(Beginning of Record set)

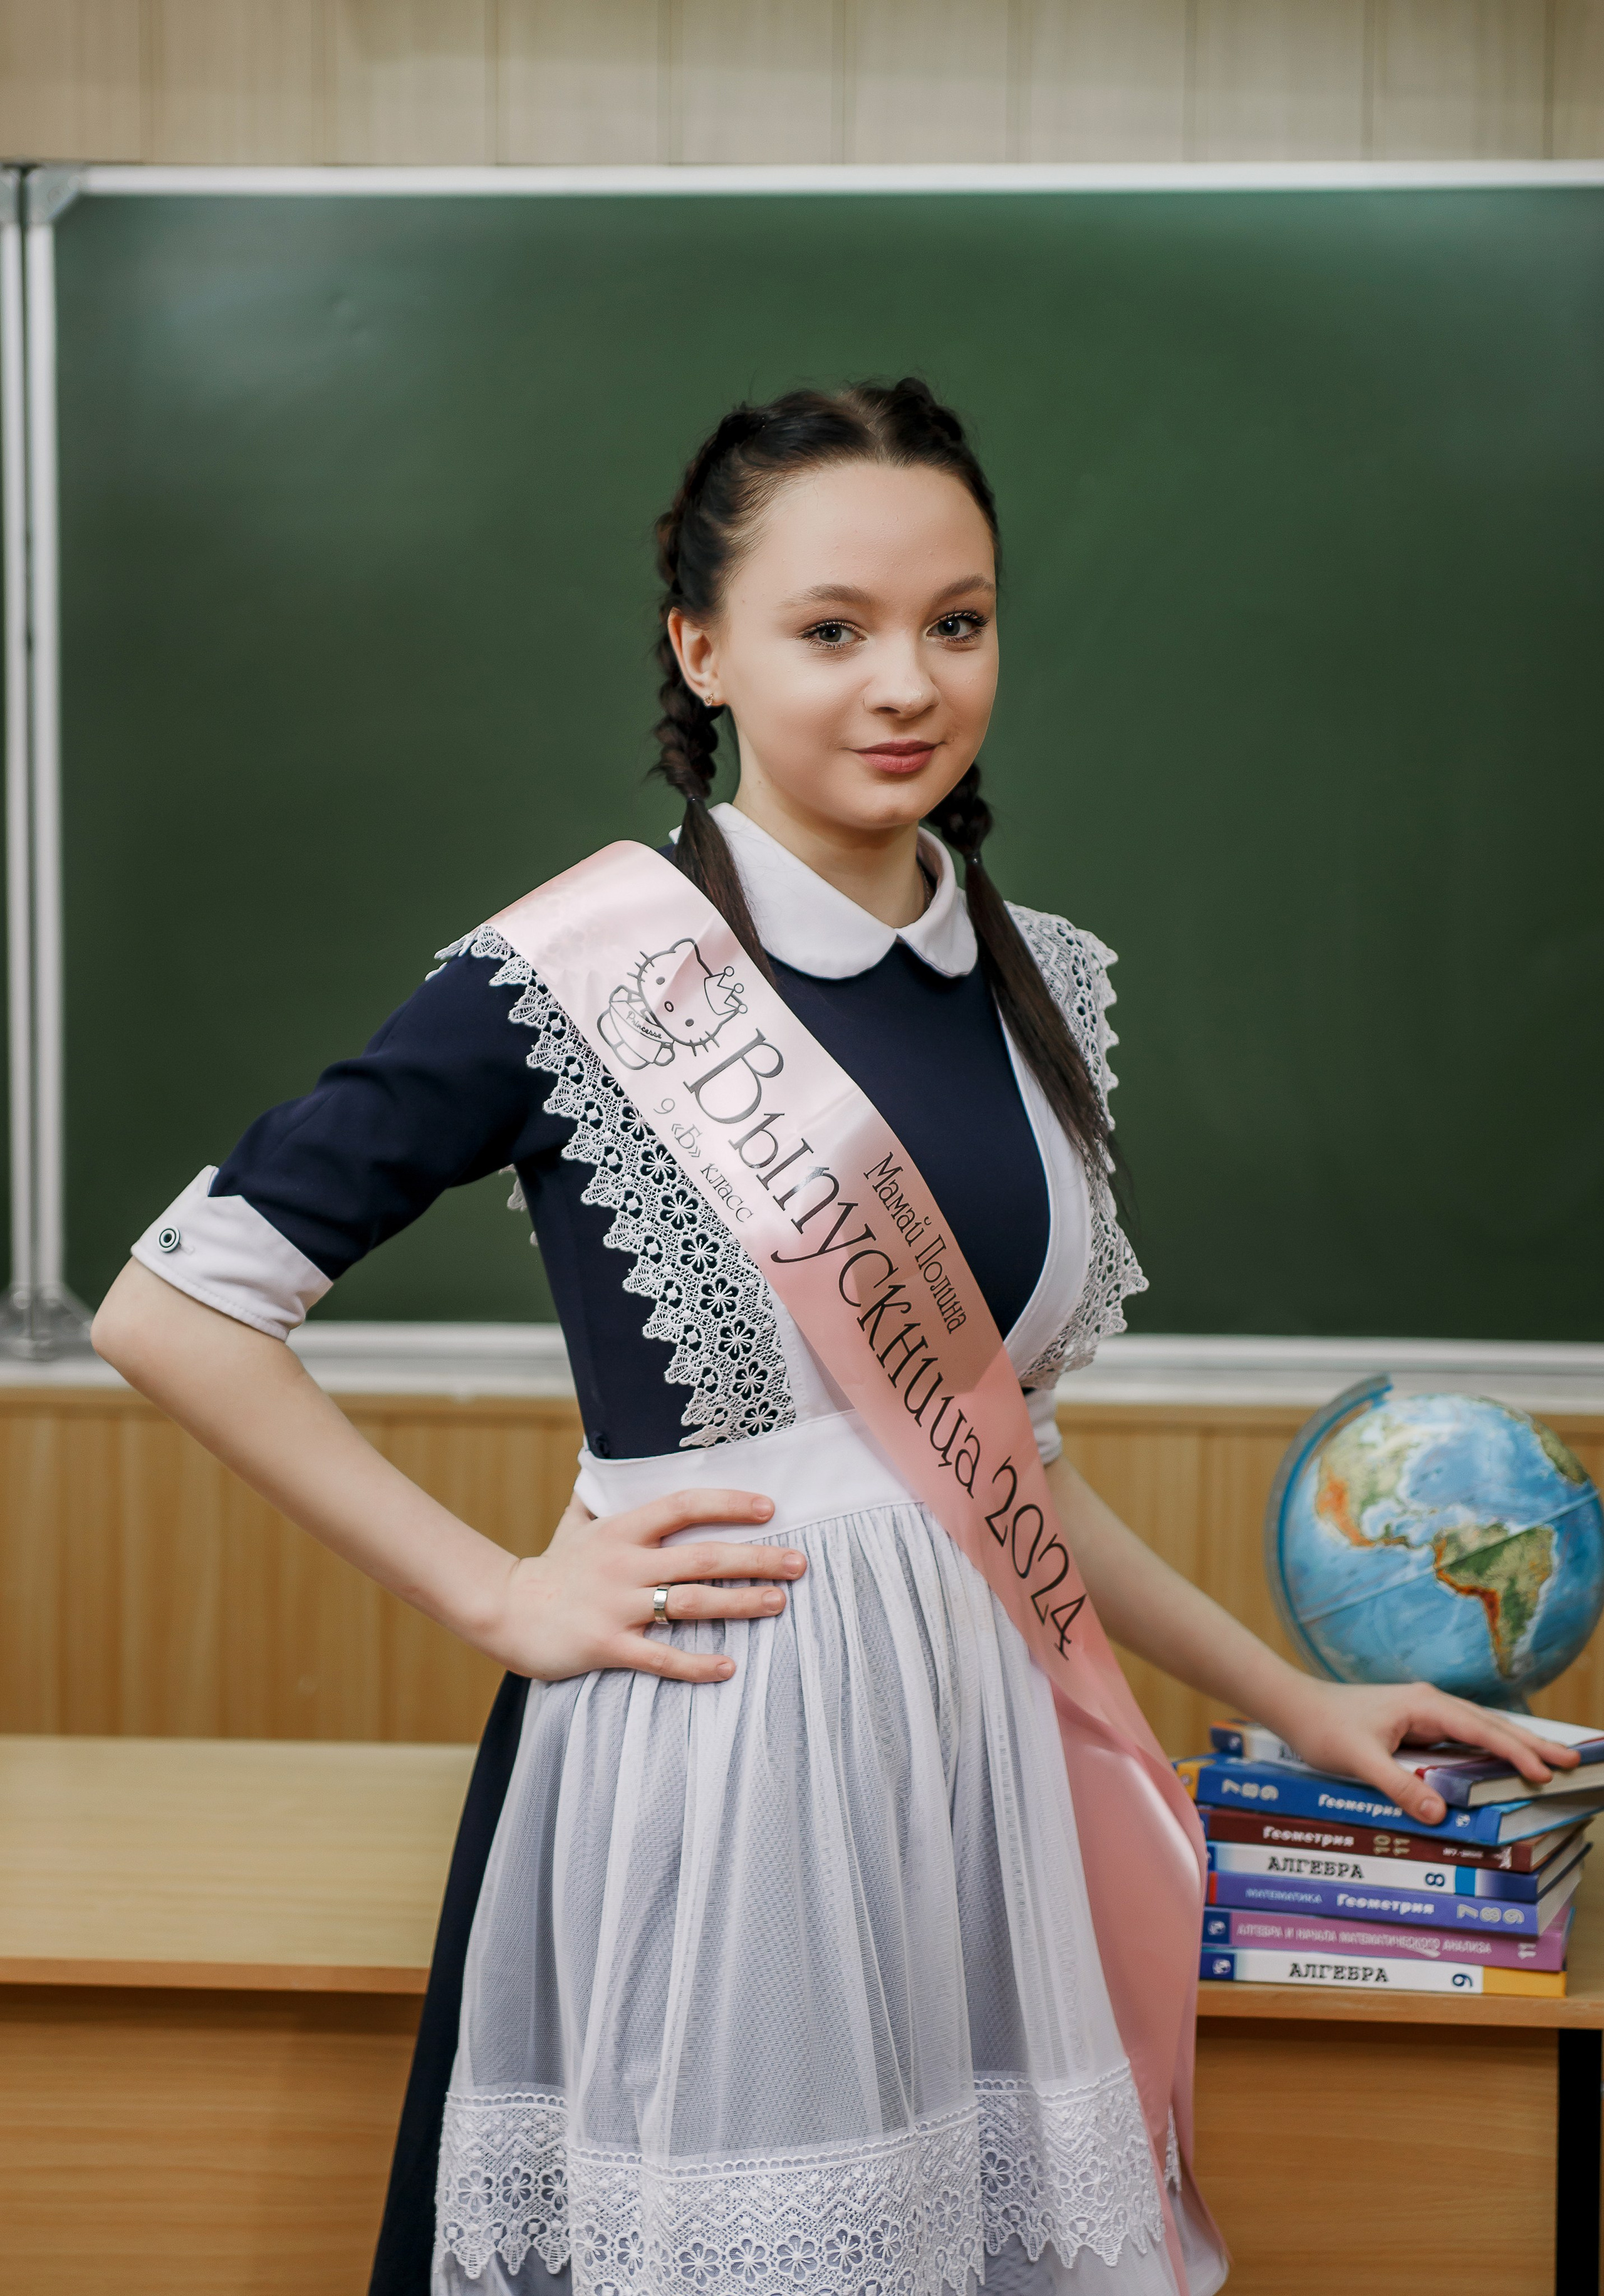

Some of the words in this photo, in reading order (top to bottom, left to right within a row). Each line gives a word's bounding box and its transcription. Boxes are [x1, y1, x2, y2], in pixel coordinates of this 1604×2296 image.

[626, 1010, 662, 1039] Princesse
[653, 1097, 675, 1115] 9
[670, 1123, 704, 1159] «Б»
[699, 1162, 754, 1223] класс
[863, 1151, 933, 1247] Мамай
[914, 1233, 967, 1335] Полина
[683, 1028, 981, 1499] Выпускница
[984, 1456, 1087, 1661] 2024
[1318, 1793, 1403, 1817] Геометрия
[1263, 1825, 1355, 1848] Геометрия
[1267, 1855, 1365, 1879] АЛГЕБРА
[1425, 1872, 1445, 1887] 8
[1336, 1892, 1435, 1916] Геометрия
[1289, 1962, 1390, 1983] АЛГЕБРА
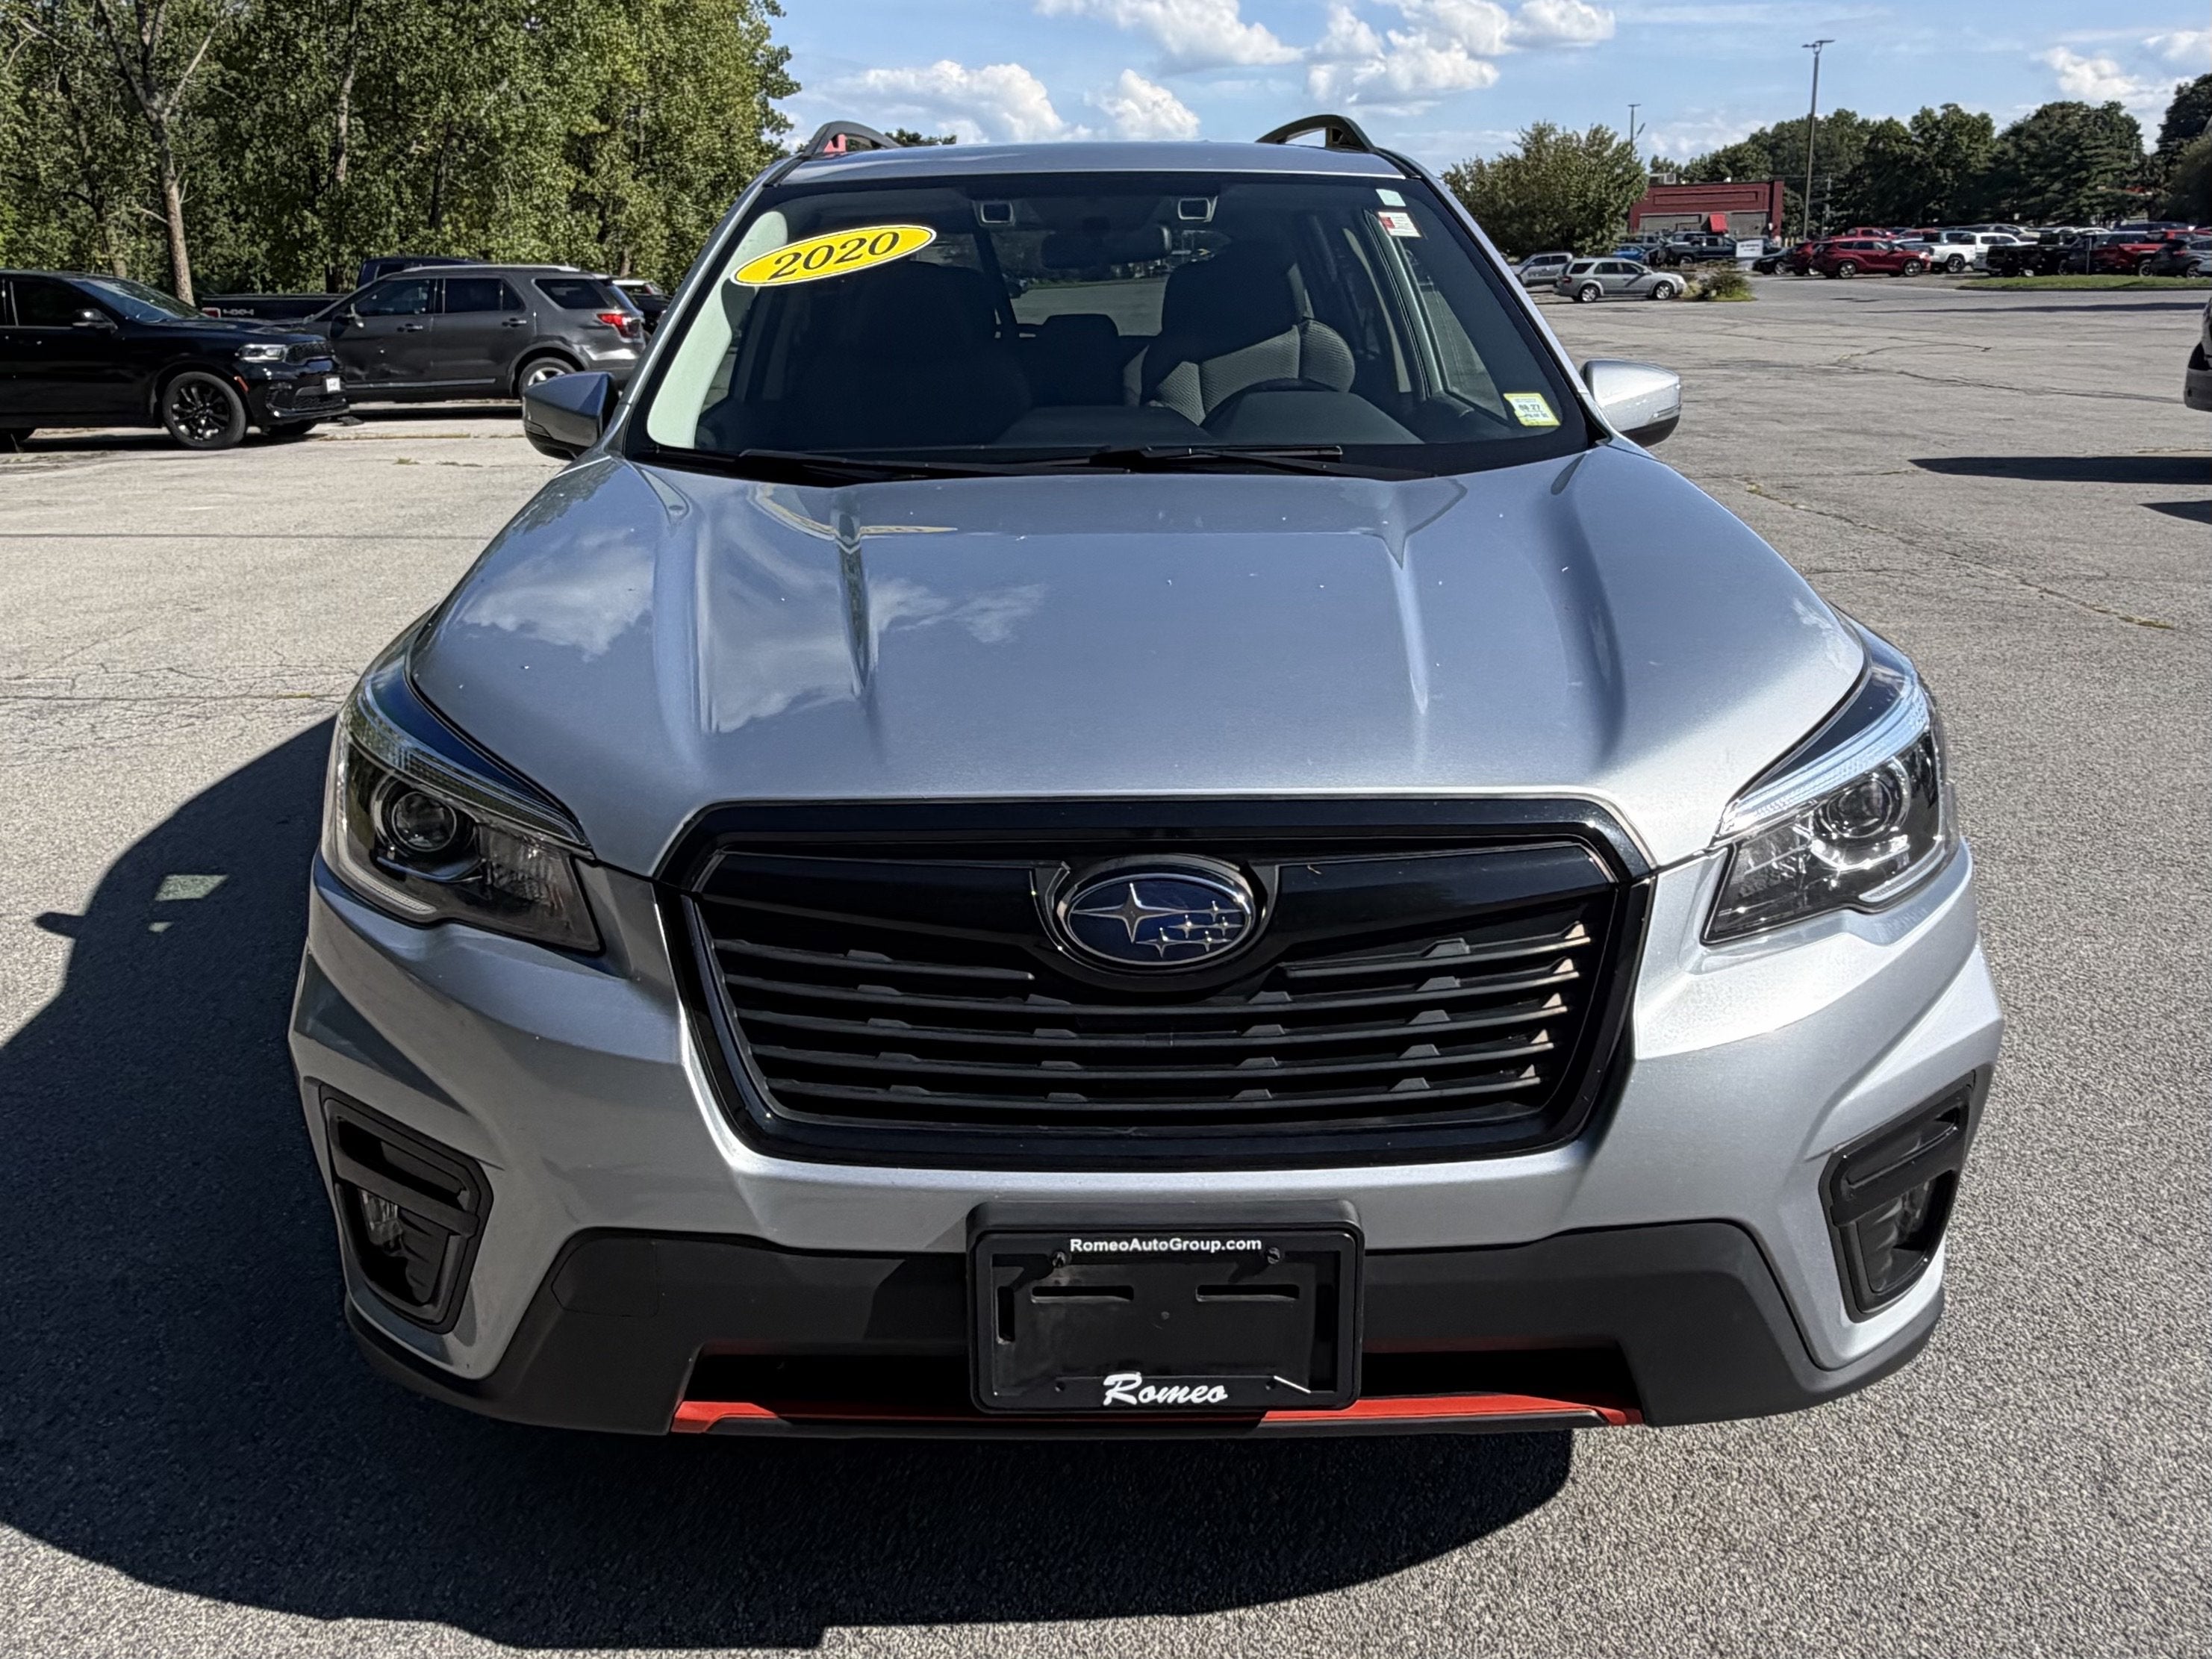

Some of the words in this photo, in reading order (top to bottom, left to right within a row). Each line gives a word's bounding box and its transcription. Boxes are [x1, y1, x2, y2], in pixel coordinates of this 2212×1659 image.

[767, 231, 900, 281] 2020
[1070, 1238, 1262, 1254] RomeoAutoGroup.com
[1103, 1372, 1229, 1406] Romeo

(End of Record set)

### [Your instructions]
What is needed is an exact copy of the entries, without any images.

### [The completed task]
Some of the words in this photo, in reading order (top to bottom, left to right within a row). Each line gives a word's bounding box and its transcription. Boxes are [x1, y1, x2, y2], in pixel coordinates of this 1604×2296 image.

[626, 1010, 662, 1039] Princesse
[653, 1097, 675, 1115] 9
[670, 1123, 704, 1159] «Б»
[699, 1162, 754, 1223] класс
[863, 1151, 933, 1247] Мамай
[914, 1233, 967, 1335] Полина
[683, 1028, 981, 1499] Выпускница
[984, 1456, 1087, 1661] 2024
[1318, 1793, 1403, 1817] Геометрия
[1263, 1825, 1355, 1848] Геометрия
[1267, 1855, 1365, 1879] АЛГЕБРА
[1425, 1872, 1445, 1887] 8
[1336, 1892, 1435, 1916] Геометрия
[1289, 1962, 1390, 1983] АЛГЕБРА

Some of the words in this photo, in reading order (top to bottom, left to right within a row). Each line gives a word's bounding box and its transcription. Boxes are [x1, y1, x2, y2], in pixel coordinates of this 2212×1659 image.

[767, 231, 900, 281] 2020
[1070, 1238, 1262, 1254] RomeoAutoGroup.com
[1103, 1372, 1229, 1406] Romeo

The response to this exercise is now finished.